Dous unicos movimentos fazem então os moradores de Toledo: uns
fogem, outros agacham-se. E a agua cahindo cada vez mais!
O pavor quebra todos os animos: os cacizes esconjuram a procella:
os faquires penitentes gritam que se acaba o mundo, e que lhes
deixe os seus haveres aquelle que quizer salvar-se. E a agua
cahindo cada vez mais!
A salvação de Toledo foi não se terem fechado suas portas: se
assim não succedesse, dentro do recincto dos muros morria toda
a mourisma affogada.

5
Na prisão estava D. Diogo encostado ás grades de ferro. O pobre
velho entretinha-se a ouvir aquelle medonho chover; porque a
noite era comprida, e elle não tinha que fazer mais nada.

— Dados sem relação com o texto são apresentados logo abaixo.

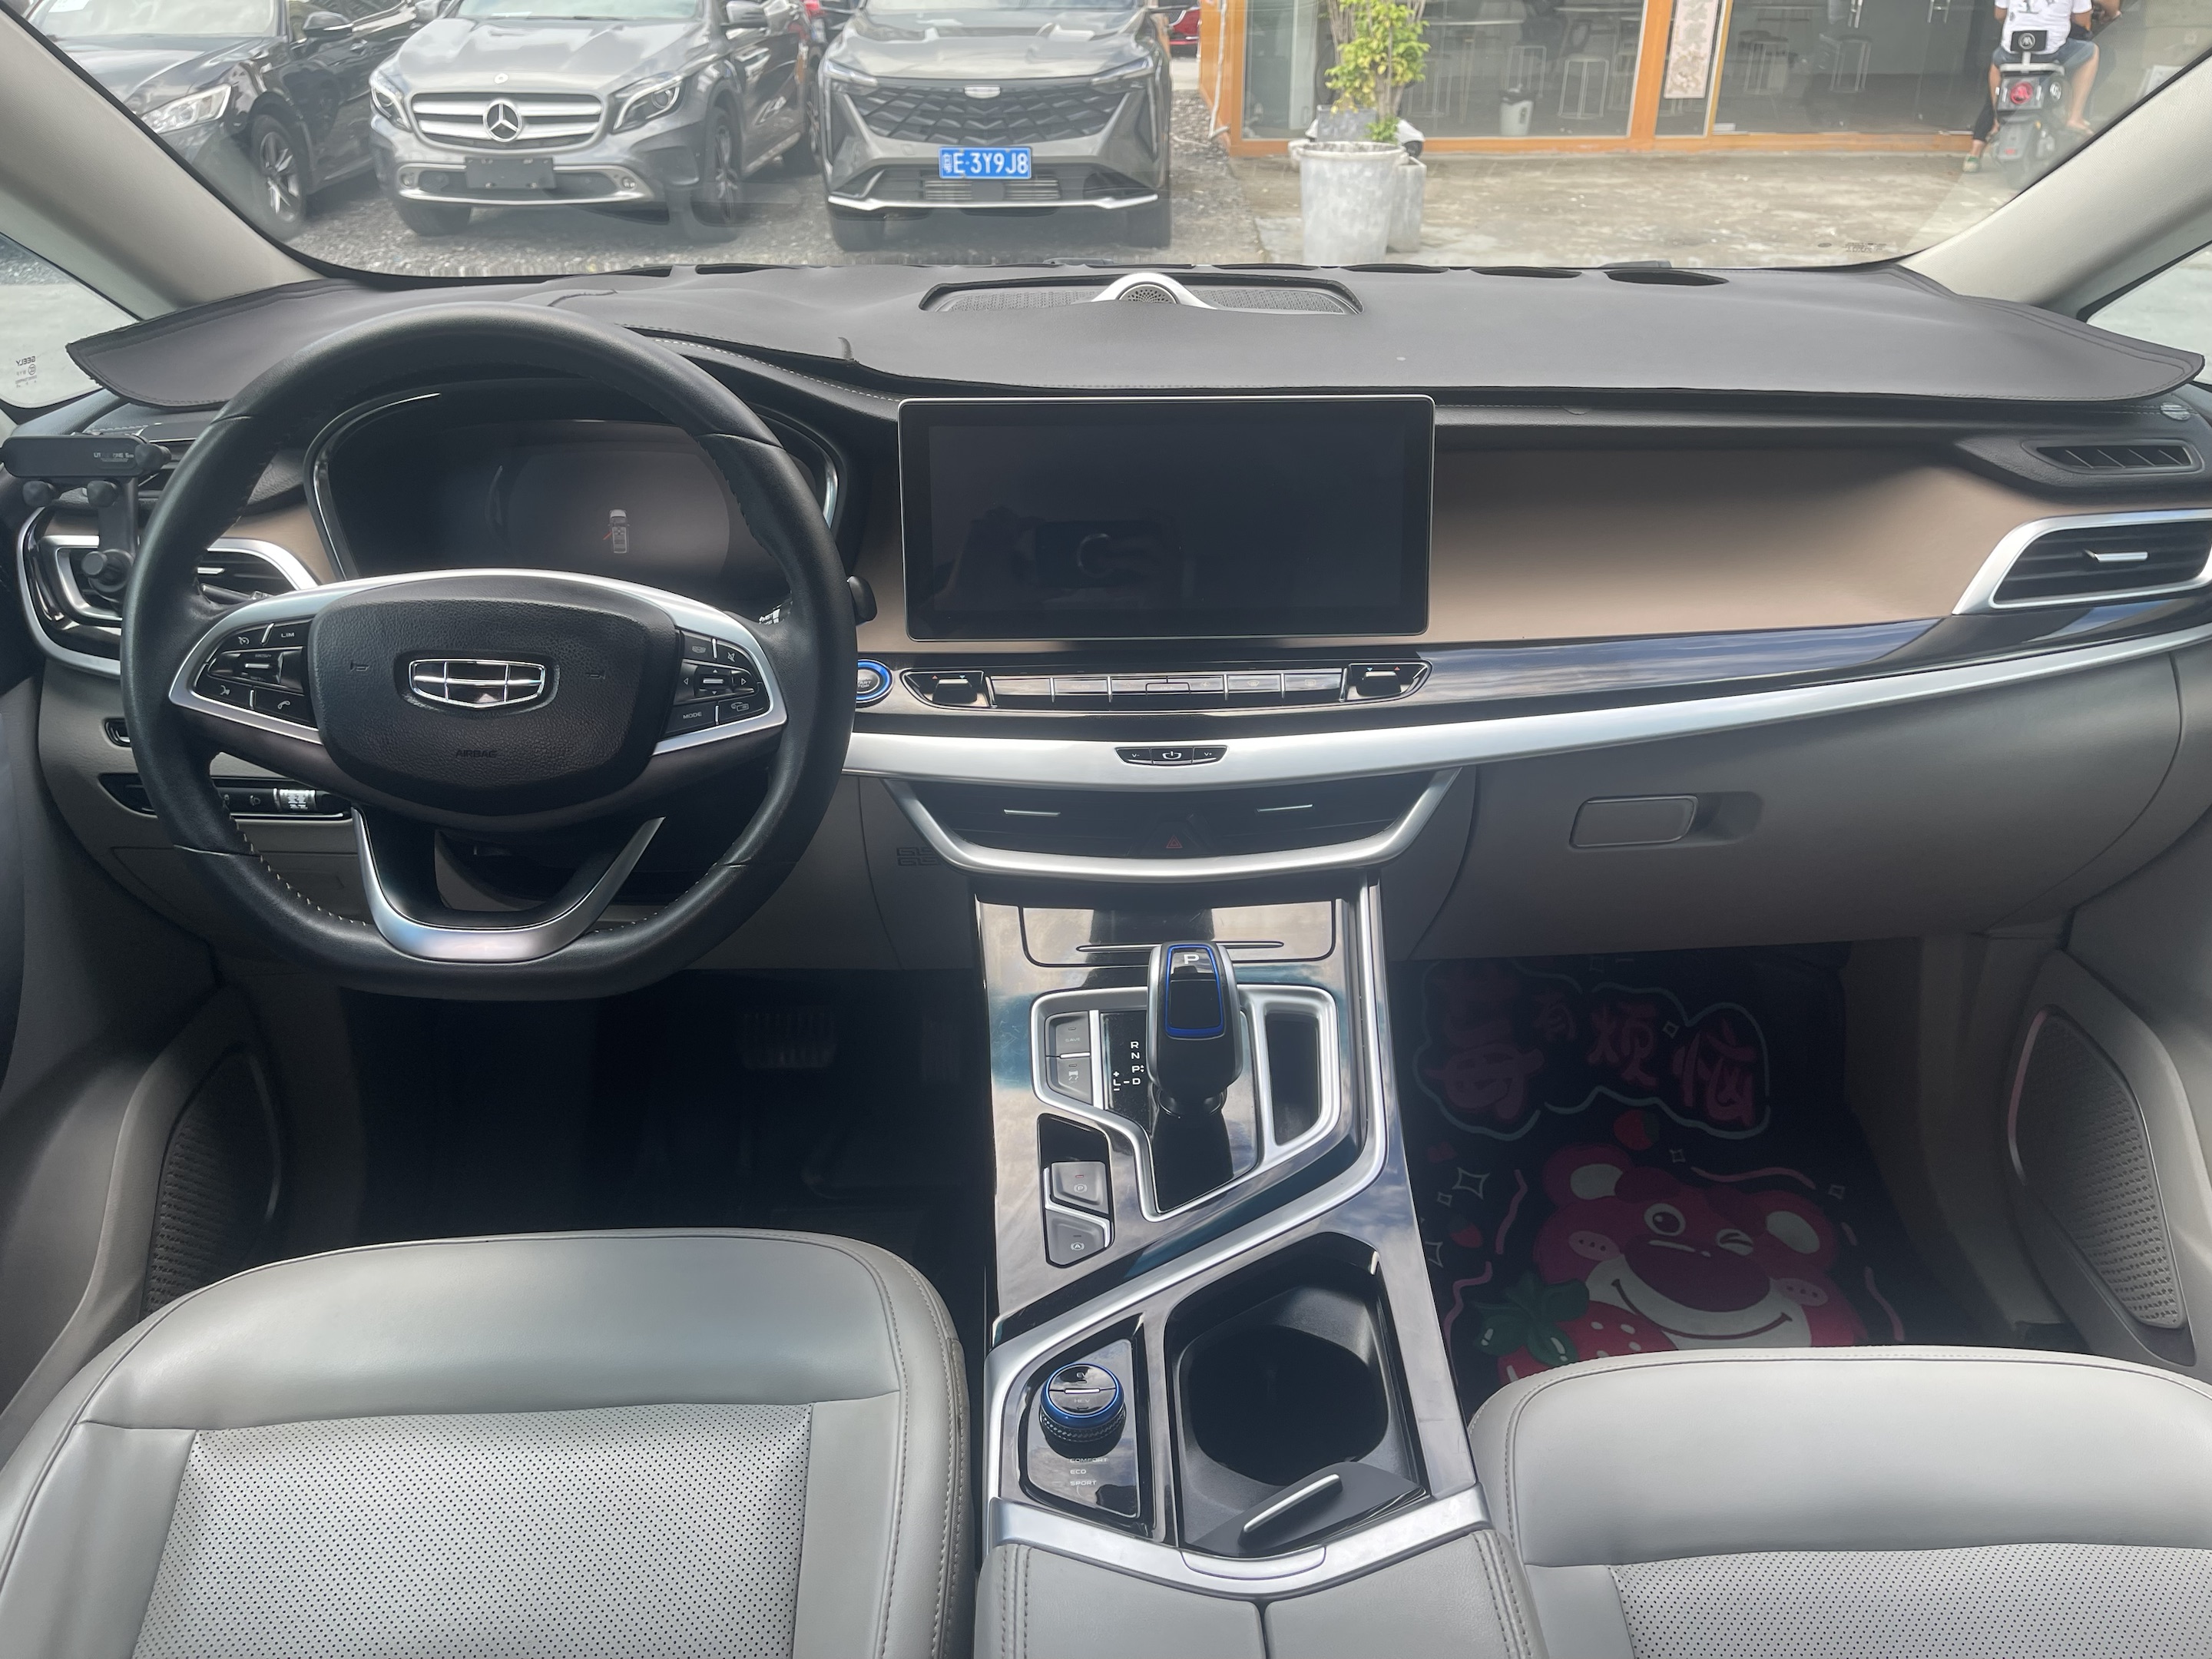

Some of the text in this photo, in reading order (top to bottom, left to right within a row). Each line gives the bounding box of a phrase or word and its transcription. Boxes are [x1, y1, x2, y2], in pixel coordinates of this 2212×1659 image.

Mas como o terreiro ante a sua gaiola de feras era rodeado de
muros, a chuva não podia escoar-se toda, e vinha crescendo de
modo que já elle sentia os pés molhados.
E tambem começou a ter medo de morrer, apesar da sua miseria.
Bem sabia D. Diogo que a morte é a maior dellas todas; que não
era o senhor de Biscaia atheu, philosopho, nem parvo.
Mas lá divisa um vulto alvacento, que saltou por cima do palanque;
e sente ao mesmo tempo no meio do terreiro--plash!--
E ouviu uma voz que dizia:--Nobre senhor D. Diogo, onde é que
vós vos achaes!"--
"Que vejo e ouço?!--exclamou o velho.--Um trajo que não alveja,
não é trajo d'ismaelita; uma voz que não fala algaravia, não é
d'infiel; um salto de tal altura não é de cavalleiro do mundo.
Por vossa fé dizei-me, sois anjo, ou sois Sanctiago?"
"Meu pae, meu pae!--acudiu o cavalleiro--já não conheceis a fala
de Inigo? Sou eu que venho salvar-vos."
E D. Inigo descavalgou, e travando das grossas reixas tentava
allui-las: a agua dava-lhe já pelos artelhos, e elle não fazia
nada.
Cheio de afflicção o mancebo quiz invocar o nome de Jesus; mas
lembrou-se de como alli viera, e o bento nome expirou-lhe nos
labios.
Todavia Pardalo pareceu adivinhar o seu intimo pensamento; porque
soltou um gemido agudo e prompto, como se o houvessem tocado
com um ferro em braza.
E empurrando com a cabeça D. Inigo, voltou a anca para a grade.
Pan!--foi o som que se ouviu. Com um só couce a reixa estava
no chão, e as hombreiras de pedra tinham voado em mil rachas.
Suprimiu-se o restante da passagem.